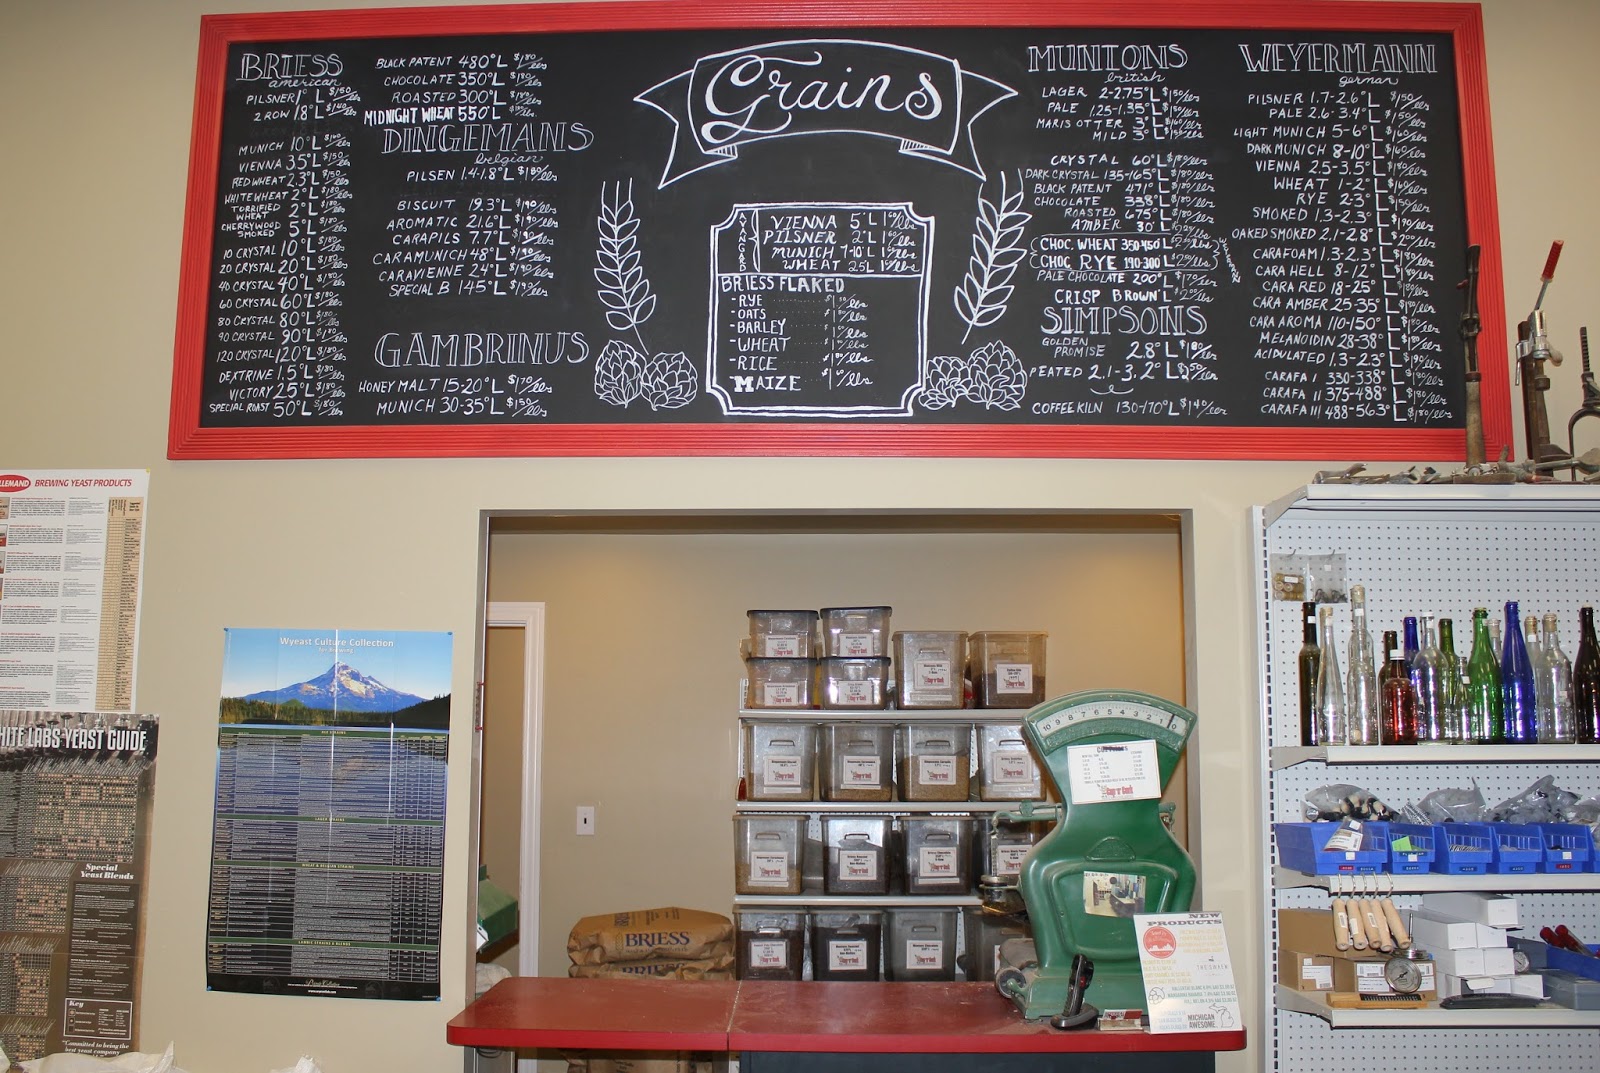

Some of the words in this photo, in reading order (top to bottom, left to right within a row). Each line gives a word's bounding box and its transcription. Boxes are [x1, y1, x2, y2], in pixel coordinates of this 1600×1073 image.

[376, 58, 406, 69] BLACK
[409, 56, 452, 67] PATENT
[1028, 44, 1188, 72] MUNTONS
[1238, 43, 1438, 74] WEYERMANN
[236, 53, 343, 81] BRIESS
[269, 78, 341, 88] american
[384, 73, 456, 86] CHOCOLATE
[1104, 71, 1166, 83] british
[1339, 75, 1398, 87] german
[392, 92, 456, 103] ROASTED
[700, 50, 943, 143] Grains
[1042, 87, 1088, 97] LAGER
[246, 93, 295, 105] PILSNER
[1248, 93, 1304, 105] PILSNER
[1047, 103, 1079, 113] PALE
[1269, 109, 1303, 119] PALE
[264, 110, 290, 120] ROW
[364, 107, 418, 126] MIDNIGHT
[422, 107, 453, 122] WHEAT
[1036, 119, 1071, 128] MARIS
[1076, 119, 1123, 128] OTTER
[381, 122, 594, 154] DINGEMANS
[1093, 131, 1127, 141] MILD
[1233, 126, 1267, 137] LIGHT
[1273, 126, 1326, 138] MUNICH
[238, 141, 284, 156] MUNICH
[474, 153, 543, 165] belgian
[1051, 154, 1119, 166] CRYSTAL
[239, 159, 282, 172] VIENNA
[1256, 159, 1300, 172] VIENNA
[406, 170, 455, 182] PILSEN
[1025, 169, 1050, 179] DARK
[1052, 169, 1100, 180] CRYSTAL
[1034, 184, 1066, 194] BLACK
[1071, 184, 1112, 193] PATENT
[1274, 177, 1329, 191] WHEAT
[1034, 197, 1101, 206] CHOCOLATE
[1296, 191, 1328, 205] RYE
[231, 203, 281, 213] TORRIFIED
[397, 200, 455, 211] BISCUIT
[236, 211, 269, 221] WHEAT
[1064, 208, 1116, 217] ROASTED
[1252, 207, 1308, 221] SMOKED
[221, 221, 281, 231] CHERRYWOOD
[387, 216, 458, 230] AROMATIC
[770, 215, 837, 230] VIENNA
[1071, 219, 1121, 230] AMBER
[238, 230, 275, 238] SMOKED
[392, 231, 460, 245] CARAPILS
[763, 230, 837, 245] PILSNER
[1077, 238, 1118, 251] WHEAT
[223, 250, 233, 260] 10
[236, 245, 276, 259] CRYSTAL
[372, 249, 467, 265] CARAMUNICH
[772, 247, 834, 258] MUNICH
[1253, 248, 1318, 260] CARAFOAM
[220, 264, 232, 274] 20
[235, 262, 276, 273] CRYSTAL
[783, 260, 840, 270] WHEAT
[1080, 255, 1117, 270] RYE
[379, 264, 464, 282] CARAVIENNE
[1037, 270, 1065, 281] PALE
[1068, 271, 1125, 283] CHOCOLATE
[1255, 266, 1285, 277] CARA
[1289, 265, 1324, 277] HELL
[218, 282, 230, 292] 40
[233, 281, 275, 292] CRYSTAL
[389, 283, 434, 297] SPECIAL
[437, 282, 450, 294] B
[721, 276, 774, 292] BRIESS
[780, 278, 845, 293] FLAKED
[1263, 281, 1294, 293] CARA
[1299, 282, 1326, 293] RED
[1055, 289, 1100, 304] CRISP
[1113, 289, 1157, 301] BROWN
[219, 298, 232, 309] 60
[236, 298, 278, 308] CRYSTAL
[1253, 296, 1281, 309] CARA
[1286, 297, 1329, 310] AMBER
[218, 317, 230, 327] 80
[234, 314, 275, 327] CRYSTAL
[1040, 306, 1207, 336] SIMPSONS
[1250, 316, 1275, 328] CARA
[1278, 316, 1322, 329] AROMA
[218, 332, 230, 341] 90
[232, 331, 275, 341] CRYSTAL
[1042, 337, 1089, 346] GOLDEN
[1260, 332, 1336, 346] MELANOIDIN
[374, 331, 589, 368] GAMBRINUS
[1054, 344, 1105, 358] PROMISE
[216, 352, 233, 363] 120
[235, 349, 274, 362] CRYSTAL
[1254, 348, 1326, 364] ACIDULATED
[219, 369, 274, 383] DEXTRINE
[1029, 366, 1082, 377] PEATED
[1265, 371, 1308, 382] CARAFA
[358, 380, 395, 393] HONEY
[398, 378, 440, 392] MALT
[229, 385, 274, 401] VICTORY
[1263, 387, 1306, 399] CARAFA
[209, 403, 244, 413] SPECIAL
[246, 402, 270, 413] ROAST
[376, 398, 436, 415] MUNICH
[1261, 403, 1307, 415] CARAFA
[35, 479, 69, 487] BREWING
[71, 479, 92, 487] YEAST
[93, 479, 132, 487] PRODUCTS
[280, 637, 312, 646] Wyeast
[349, 639, 394, 647] Collection
[1043, 724, 1051, 732] 10
[28, 728, 61, 748] LABS
[65, 729, 104, 749] YEAST
[108, 731, 147, 750] GUIDE
[104, 872, 134, 880] Blends
[625, 931, 690, 946] BRIESS

• [Task brief]:
Search term "BLACK": count the lines of the listing in which it appears, and give the number with nothing further.

• [Response]:
2